Records provided:
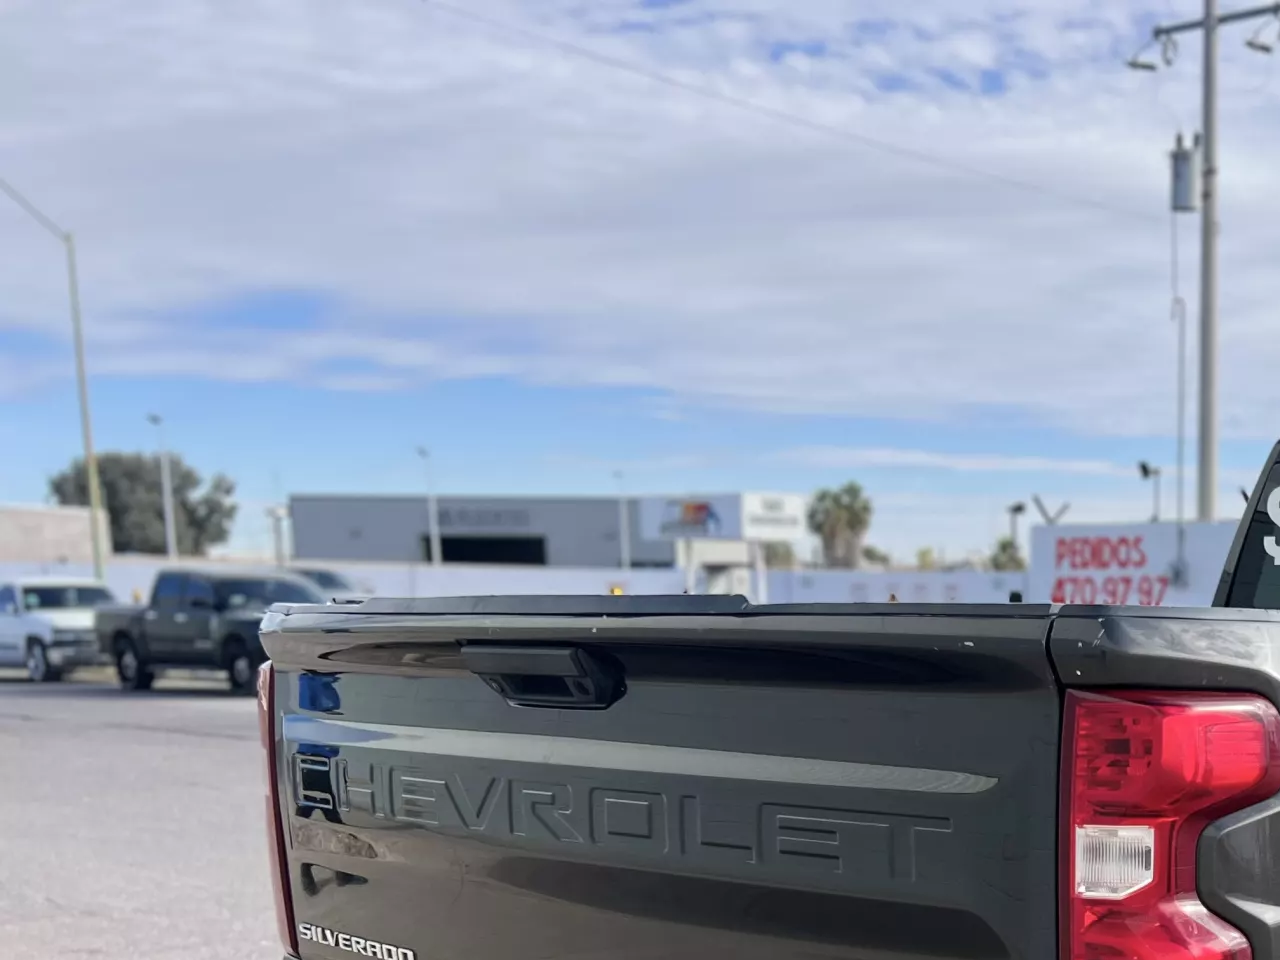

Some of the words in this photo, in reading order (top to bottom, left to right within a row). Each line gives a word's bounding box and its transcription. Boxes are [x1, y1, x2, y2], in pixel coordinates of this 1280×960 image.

[1055, 535, 1148, 570] PEDIDOS
[1050, 576, 1099, 606] 470
[1102, 576, 1135, 606] 97
[1137, 575, 1170, 606] 97
[291, 753, 955, 884] CHEVROLET

Aim of the task: Every line of the data is to be transcribed exactly, and no picture is to be included.

Completed task:
Some of the words in this photo, in reading order (top to bottom, left to right within a row). Each line gives a word's bounding box and its transcription. Boxes are [x1, y1, x2, y2], in pixel coordinates of this 1280×960 image.

[1055, 535, 1148, 570] PEDIDOS
[1050, 576, 1099, 606] 470
[1102, 576, 1135, 606] 97
[1137, 575, 1170, 606] 97
[291, 753, 955, 884] CHEVROLET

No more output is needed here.